Free Money for Life Science Entrepreneurs

medtechthursday
Guest Post by:
Mike Schmitt, MD
Life Science Analyst and Editor of the Florida BioDatabase
Mike can be reached at M2Schmitt@aol.com

sebio
“Free Money” for life science entrepreneurs with up to $100,000 in cash and services!

Now that I have your full attention (I had to get a “hook” in there somewhere—the money may not be totally “free”, but it’s a great deal as start ups go), I’d like to tell you about the SEBIO sponsored annual “Bio/Plan Competition.”

Last post I mentioned the upcoming Southeast BIO (SEBIO) Conference to be held on December 4-5, 2008 in Palm Beach. For those not familiar with this organization, SEBIO is a non-profit public/private partnership to promote the development of the life sciences throughout the Southeast.

One of the exciting events at this conference is the announcement of the winner of the annual Bio/Plan Competition.

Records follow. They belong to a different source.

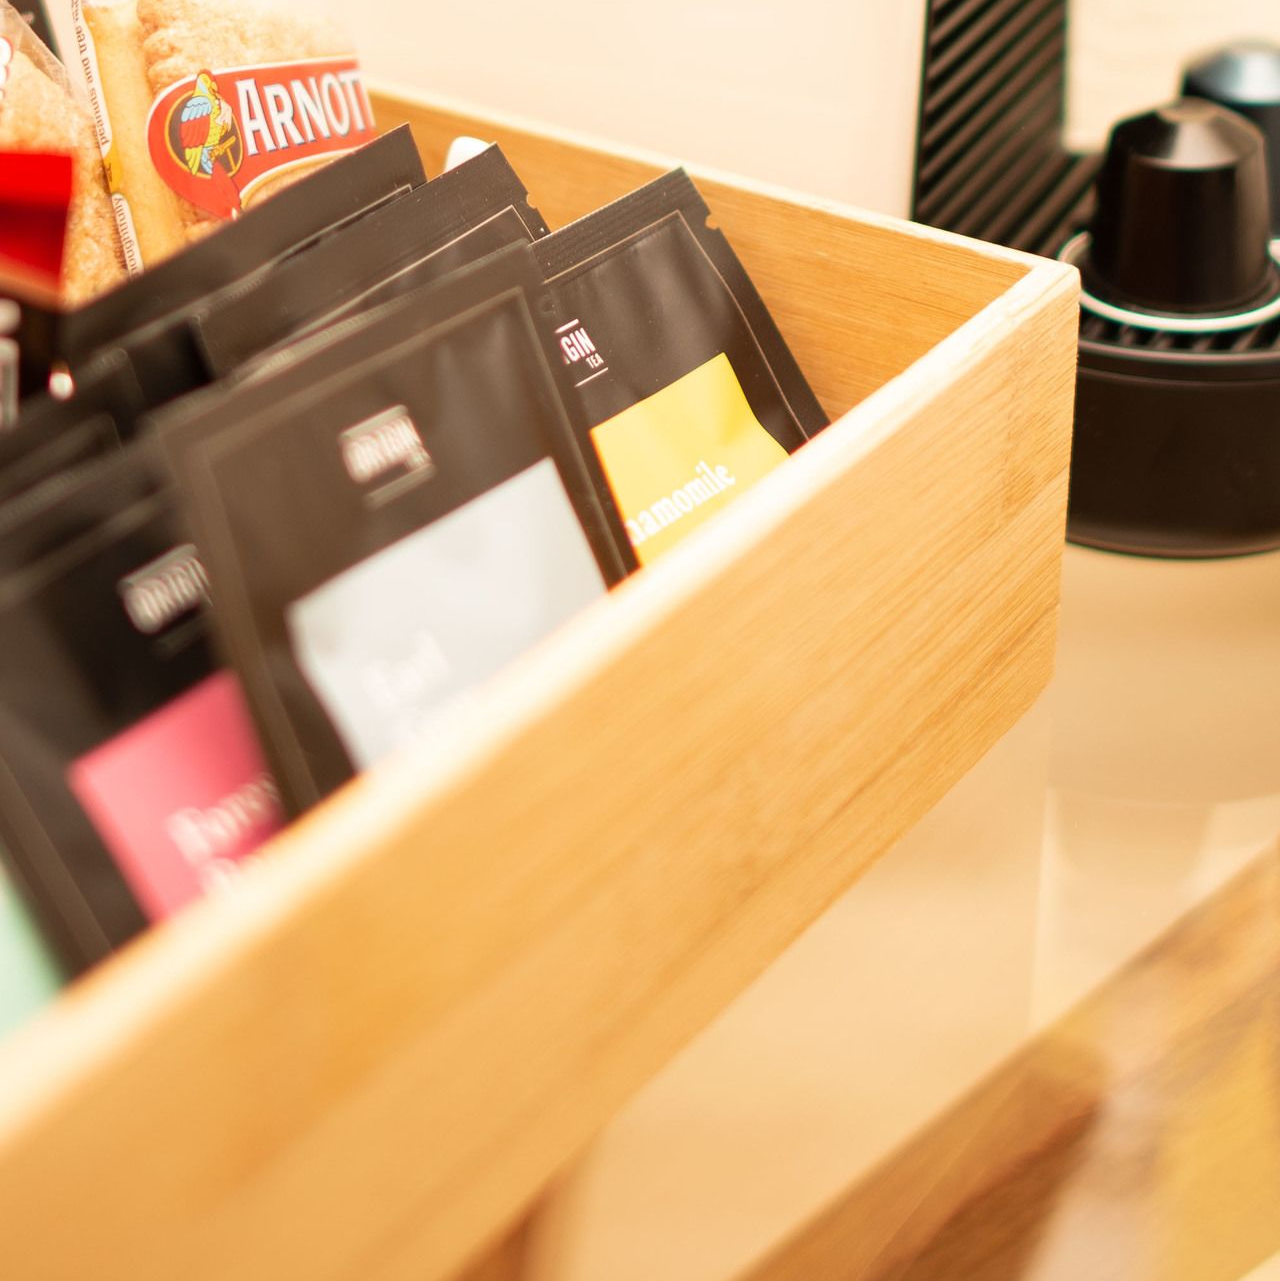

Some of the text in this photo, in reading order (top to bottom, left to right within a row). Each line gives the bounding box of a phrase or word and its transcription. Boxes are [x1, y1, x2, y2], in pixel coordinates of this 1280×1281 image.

[81, 57, 95, 85] and
[89, 87, 110, 146] peanuts
[560, 327, 596, 363] GIN
[585, 353, 604, 369] TEA
[625, 460, 736, 546] amomile
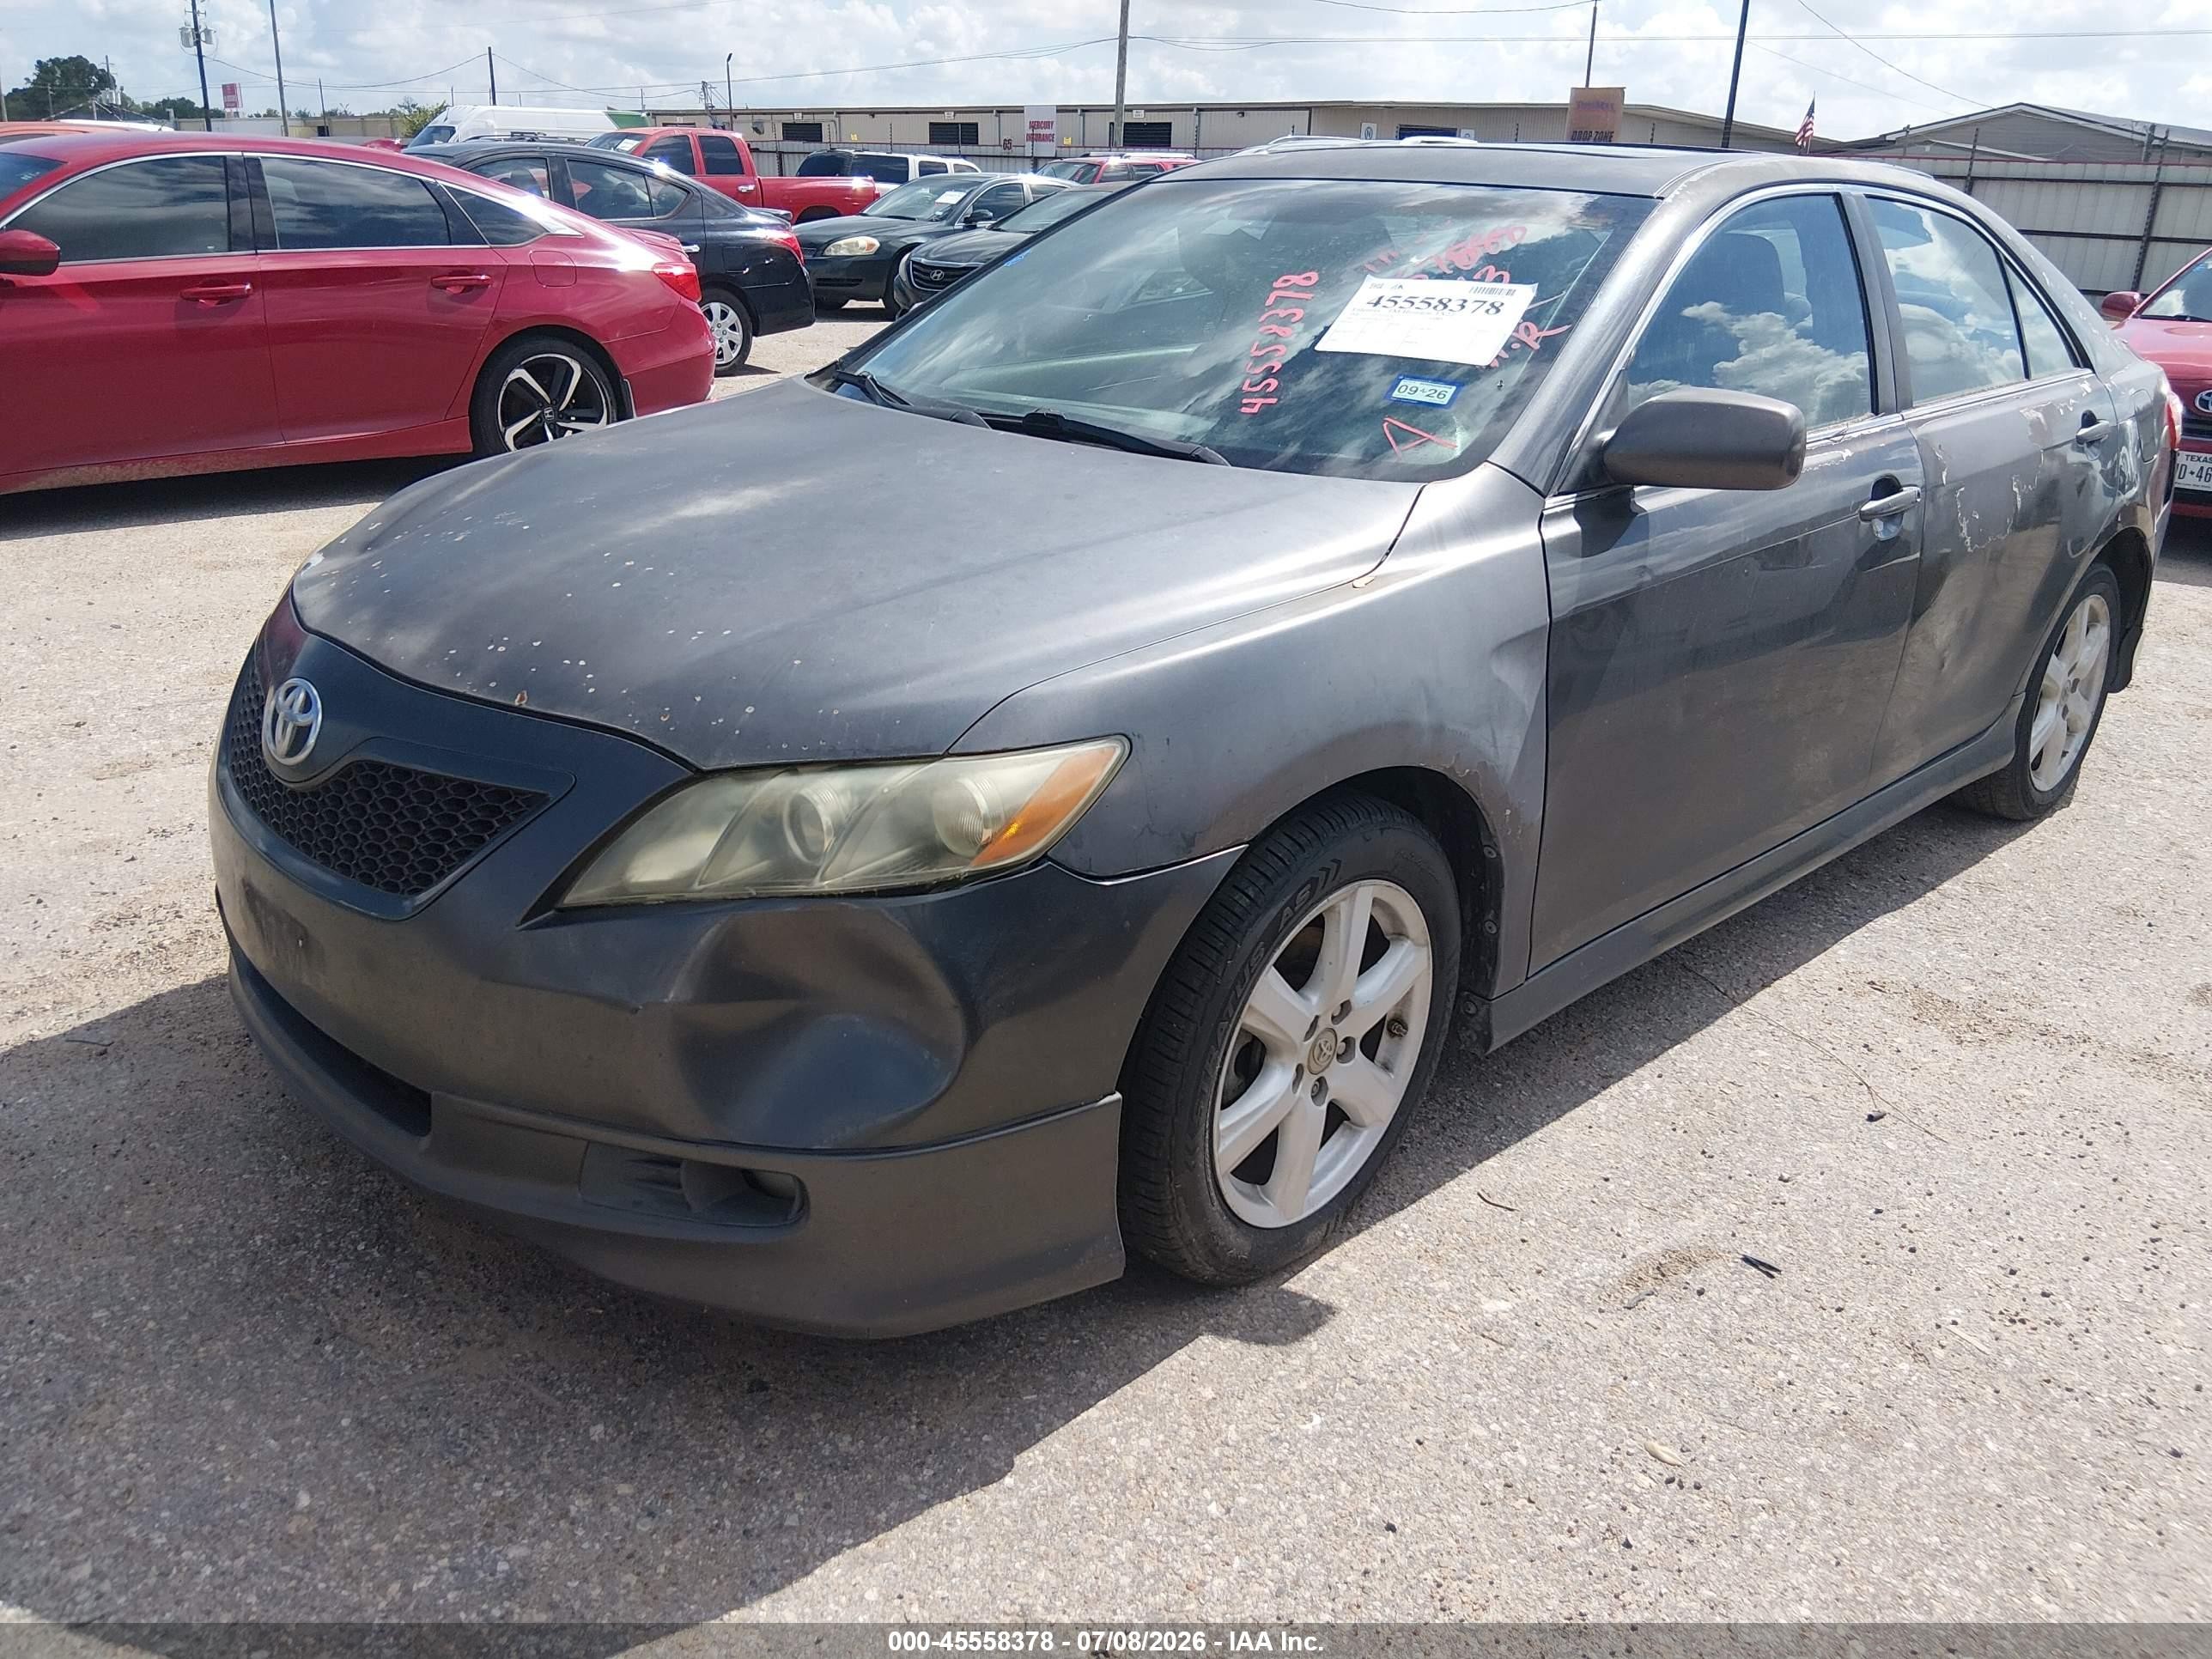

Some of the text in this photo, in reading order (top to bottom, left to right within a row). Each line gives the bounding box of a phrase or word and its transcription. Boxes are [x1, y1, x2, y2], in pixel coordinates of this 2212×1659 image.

[1029, 120, 1054, 130] MERCURY
[1571, 130, 1614, 142] DROP ZONE
[1003, 138, 1012, 151] 65
[1367, 295, 1505, 316] 45558378
[1239, 270, 1320, 415] 45558378
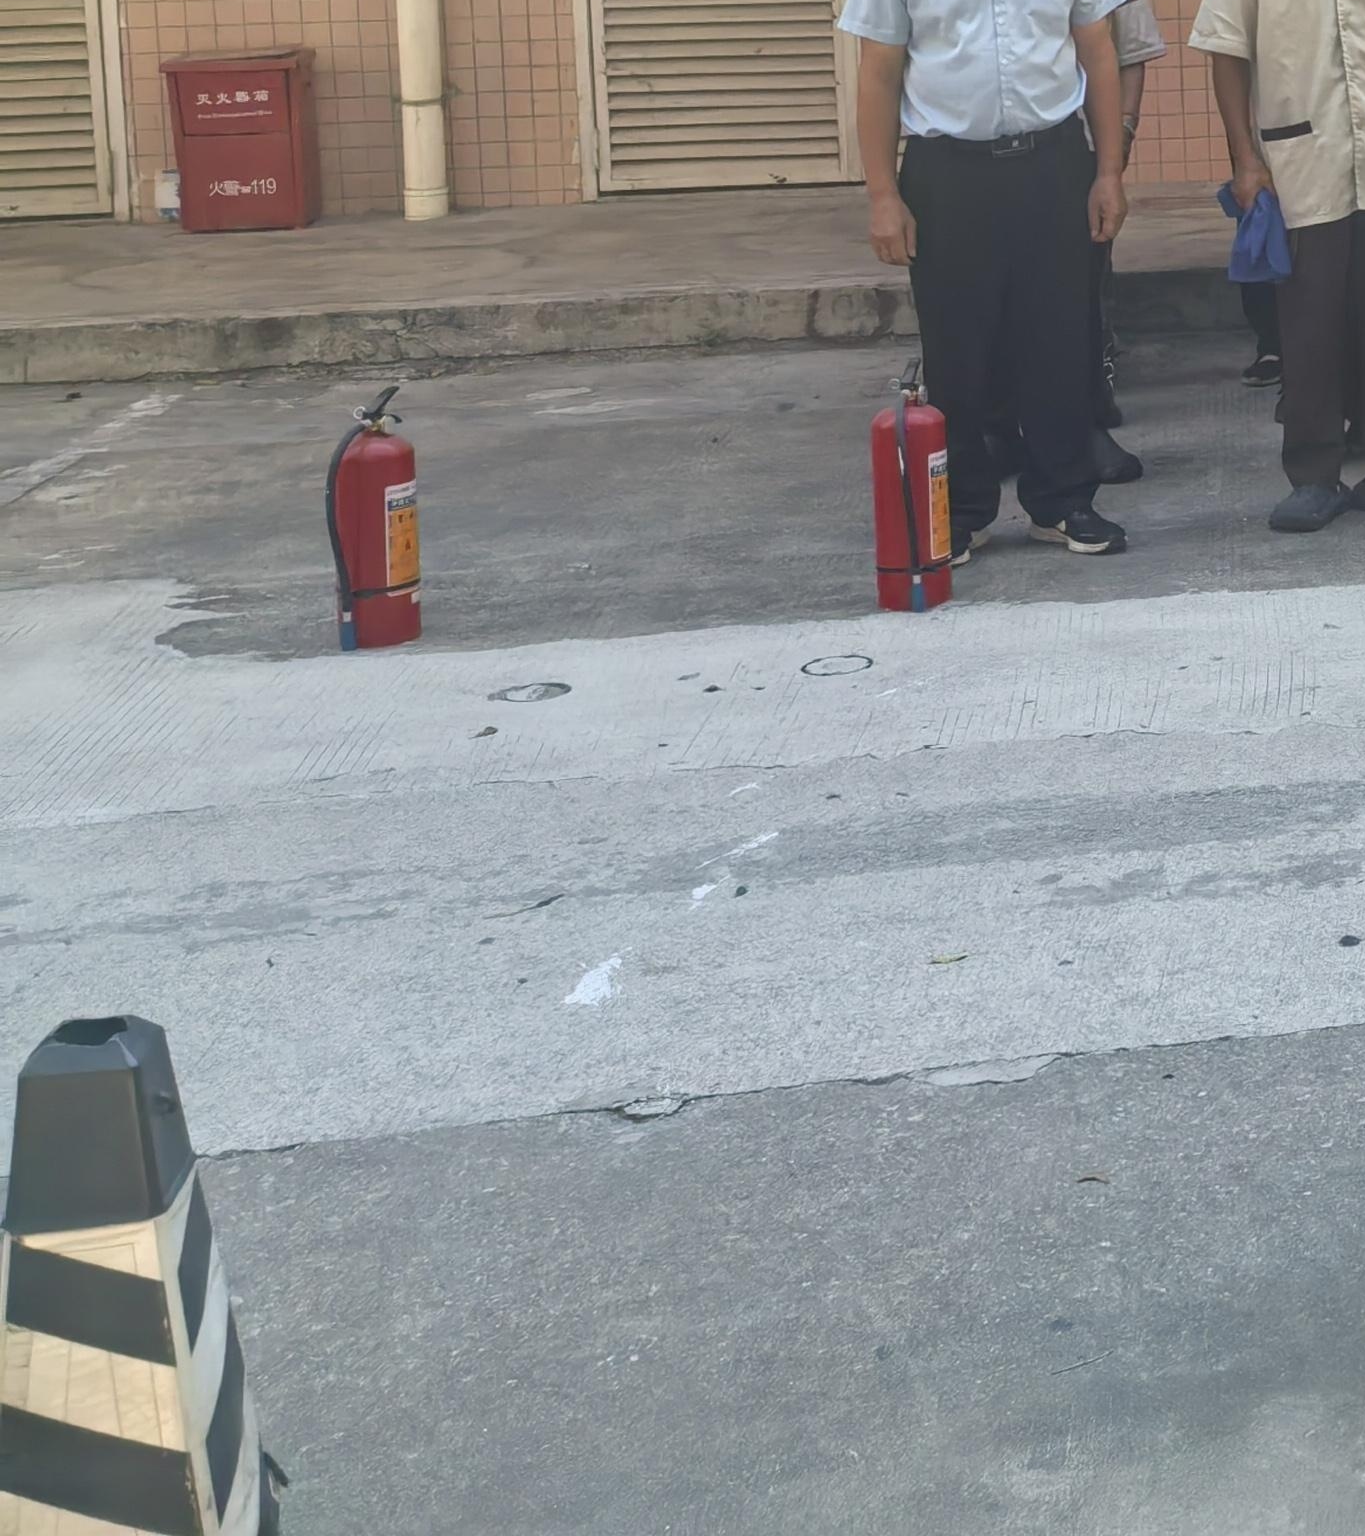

This is intended to identify and support newly created venture-fundable entities in the life sciences (the majority of the applicants are from research universities and research labs throughout the Southeast).

Here is how it works...(from the SEBIO website):

  1. The principal investigator/entrepreneur completes a short application outlining their concept and the associated opportunity in broad terms. There is no application fee.
  2. A selection committee chooses 10 semifinalists and pairs each with a team of seasoned professionals who will serve as mentors to the principals. The group's goal will be to further develop the concept and surround it with a first-class business plan.
  3. Following a period of 5 to 6 months with the assigned mentoring team, a finished business plan will be submitted by the principals to a panel of experts and 4 finalists will be selected. These finalists will present their opportunity to the broader life science investment community at the annual SEBIO Investor Forum held each fall.
  4. The winner of the BIO/Plan Competition will be selected at this Conference and will be awarded unrestricted, non-dilutive venture funds (valued at $100,000 in cash and services) to launch the enterprise and implement their business plan.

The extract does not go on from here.